Imagine a wind tunnel which serves fabulous sea food and is constantly sunny. Then sprinkle in some North African bustle, the waft of exotic spices and the occasional call to prayer and you’re mentally in Essaouira. If you enjoy watersports, then you’ll be in paradise.


Having devoured all the guide books and experienced the place for ourselves, we thought we’d share our experience which should help you plan your trip. This is the first video we've ever made... so we hope you like it and aren't too critical!

Where to stay:

We stayed at Riad Casa Lila which was moderately priced, friendly, helpful, very clean and the purveyors of a very superior breakfast served either on the terrace or balcony. I fell in love with their tomato and orange jams. The memory of the tomato jam is cemented in my mind due to me serendipitously reading about it in one of Elizabeth David’s tomes whilst slapping it onto one of their pillowy croissants.

Tomato jam

Bready stuff

If you’ve got more money to throw around, then Madada Mogador on Mr and Mrs Smith's site looks very porno as does L'Heure Bleue Palais. If your budget is more modest then Trip Advisor has a range of decent Riads on show. Ocean Vagabond looks pretty good.

Where to eat:

We ate very well indeed. Our highlights included:

Lamb and pear tagine

An imaginative meal in a creative setting at Elizir

Patio door

A progressive North African meal at Patio

Lamb and prune tagine

Excellent tagines at Laayoune


Half decent fish at Sam’s on the waterfront

Lunch 2

Lowlights included the overcooked fish and hassle of the harbourside barbecue which I had hoped was going to be awesome and the worst fish soup I’ve ever eaten at an anonymous tourist trap in the main plaza. It was like eating cumin spiced glue.
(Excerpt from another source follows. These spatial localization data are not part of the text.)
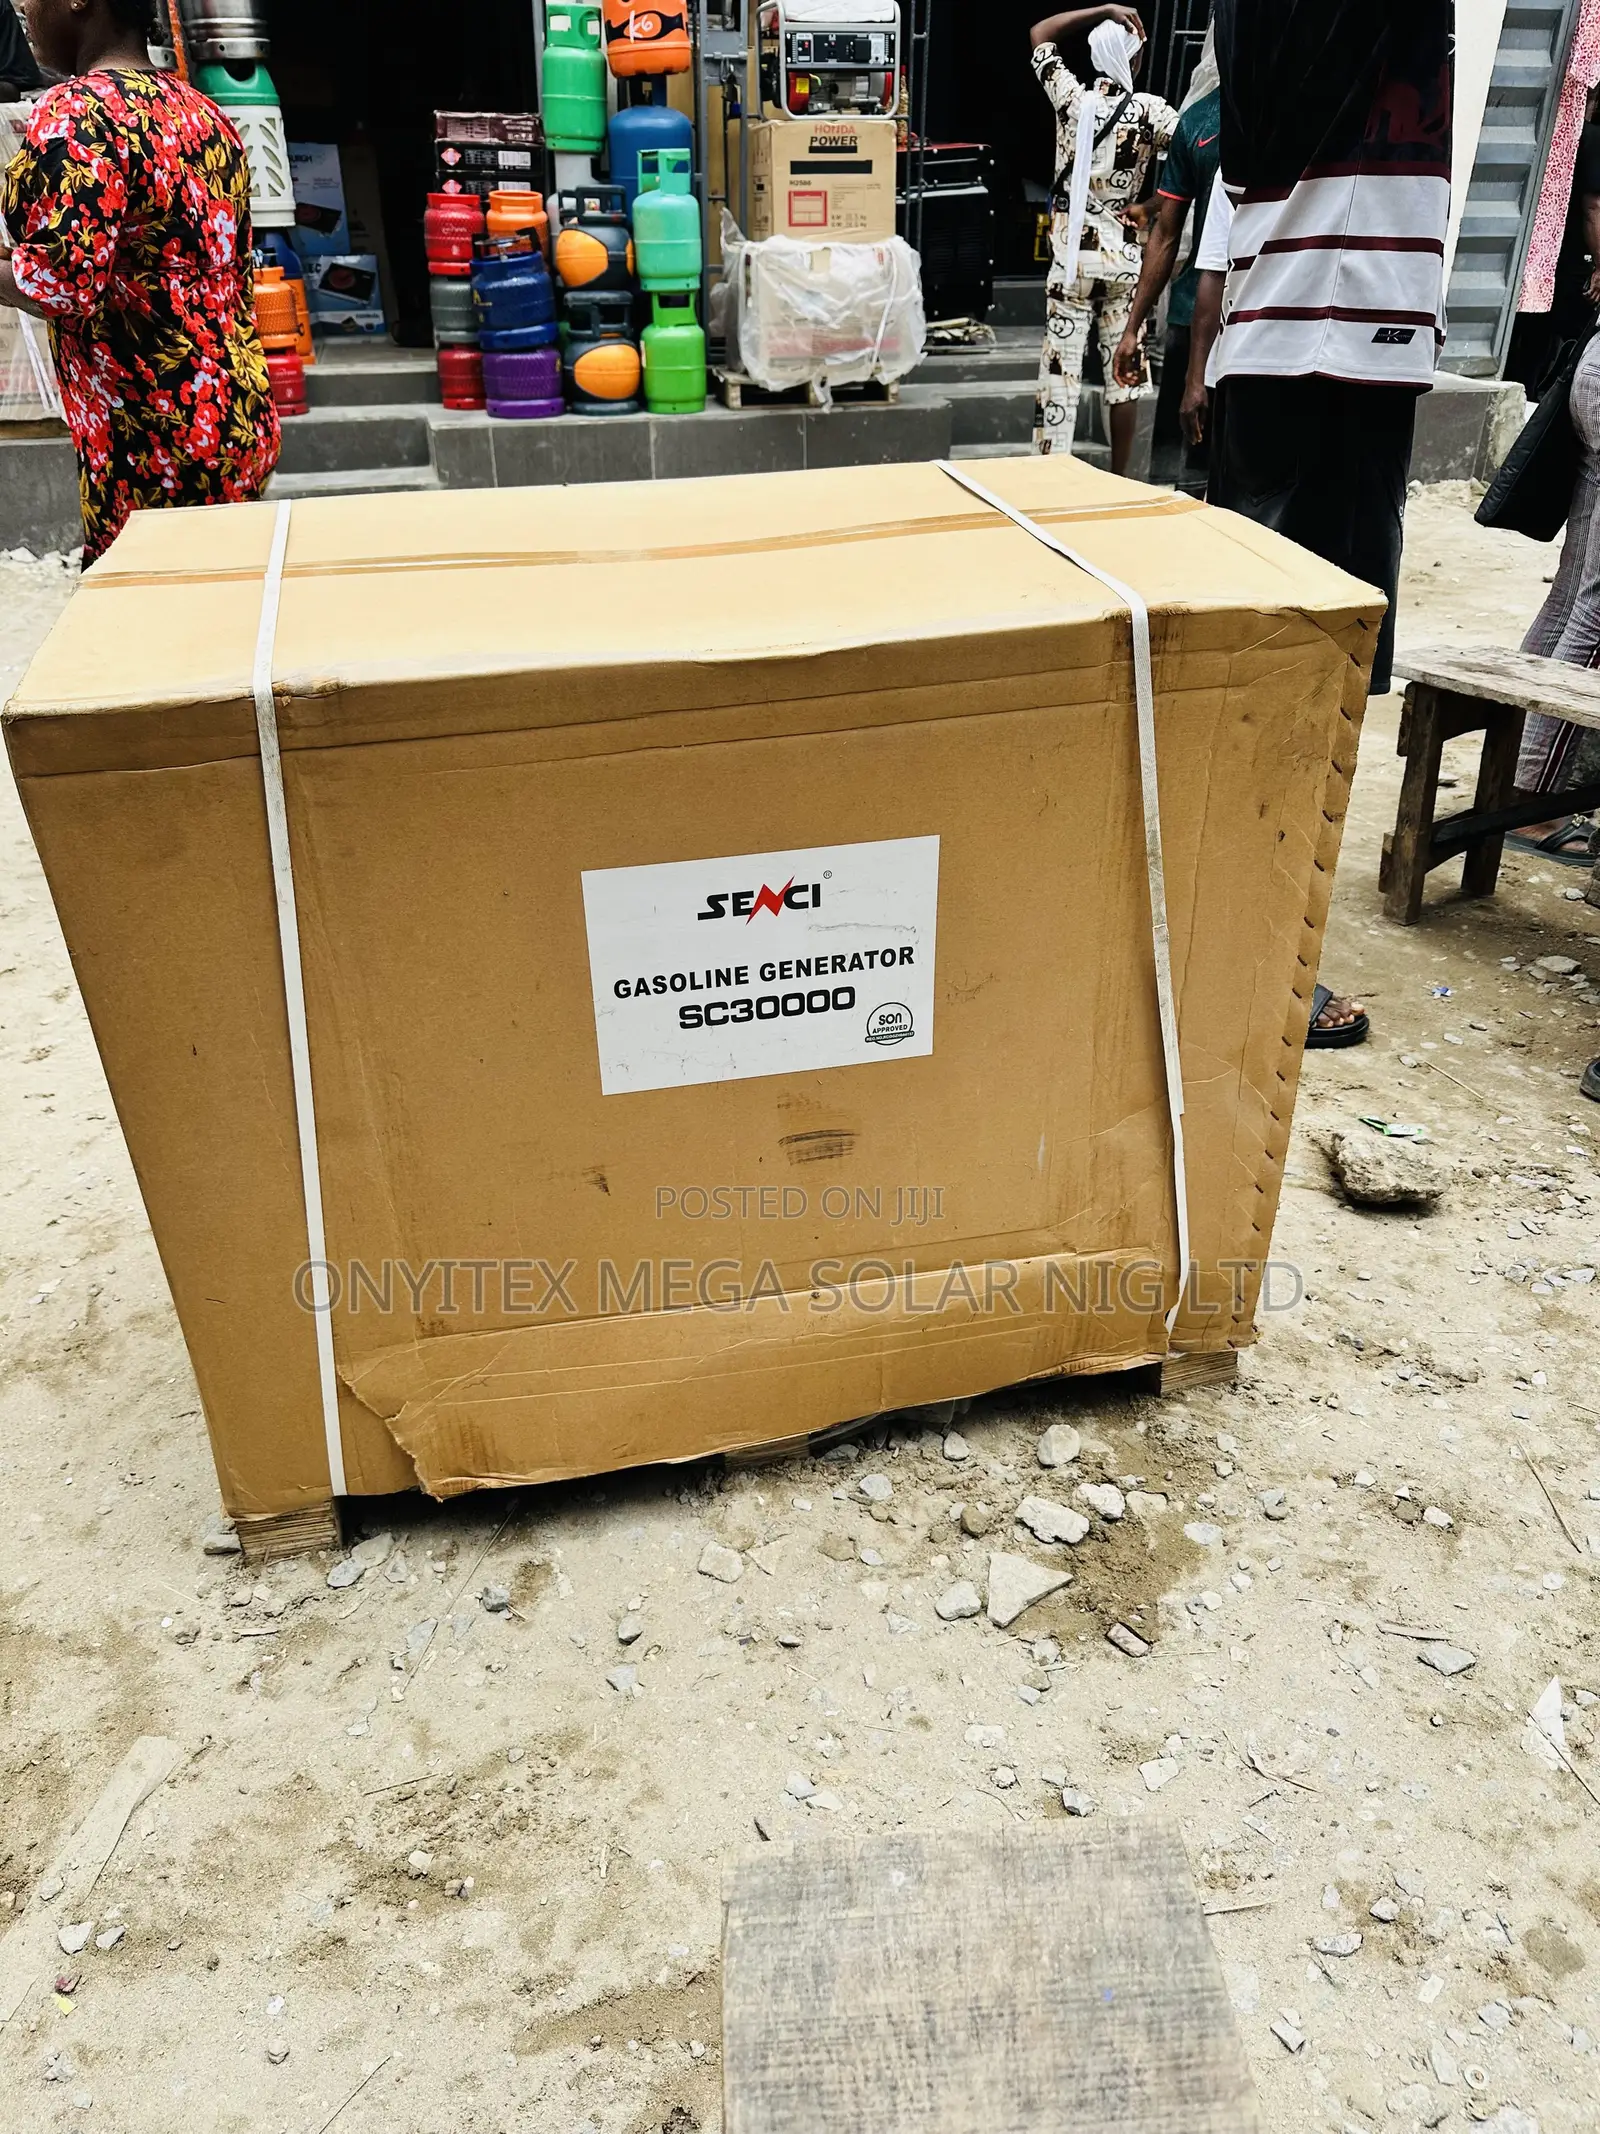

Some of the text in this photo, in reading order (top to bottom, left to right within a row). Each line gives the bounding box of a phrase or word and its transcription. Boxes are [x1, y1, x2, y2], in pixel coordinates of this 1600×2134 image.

[810, 136, 858, 146] POWER
[814, 124, 856, 135] HONDA
[697, 875, 821, 926] SENCI
[613, 946, 914, 999] GASOLINE GENERATOR
[679, 986, 856, 1029] SC30000
[872, 1024, 908, 1034] APPROVED
Villa Maroc is regarded as setting the standard for traditional Essaouiran food. But you pay handsomely for it. After Five has its fans as well but unfortunately we didn't get a chance to eat there.

Where to enjoy a sundowner:


Taros was the best bar to enjoy a well made drink whilst the sun went down. Get there before the sun has started its rapid descent to avoid missing out on a spot on the terrace. Then enjoy some spiced olives as the harbour basks in the rose tinted evening glow.

After Dark:

Graffiti face

When the sun goes down you've eaten a belly full of tagine and dried fruit have a stroll around the night market and enjoy the multi sensual smorgasboard of stimulation. Just watch the semi-orchestrated chaos unfold around you and have your camera ready for some good snaps.

Boats at night

Further reading:

Settle in to Gourmet Chick’s Moroccan adventures and then digest Not Eating out in New York’s thoughts.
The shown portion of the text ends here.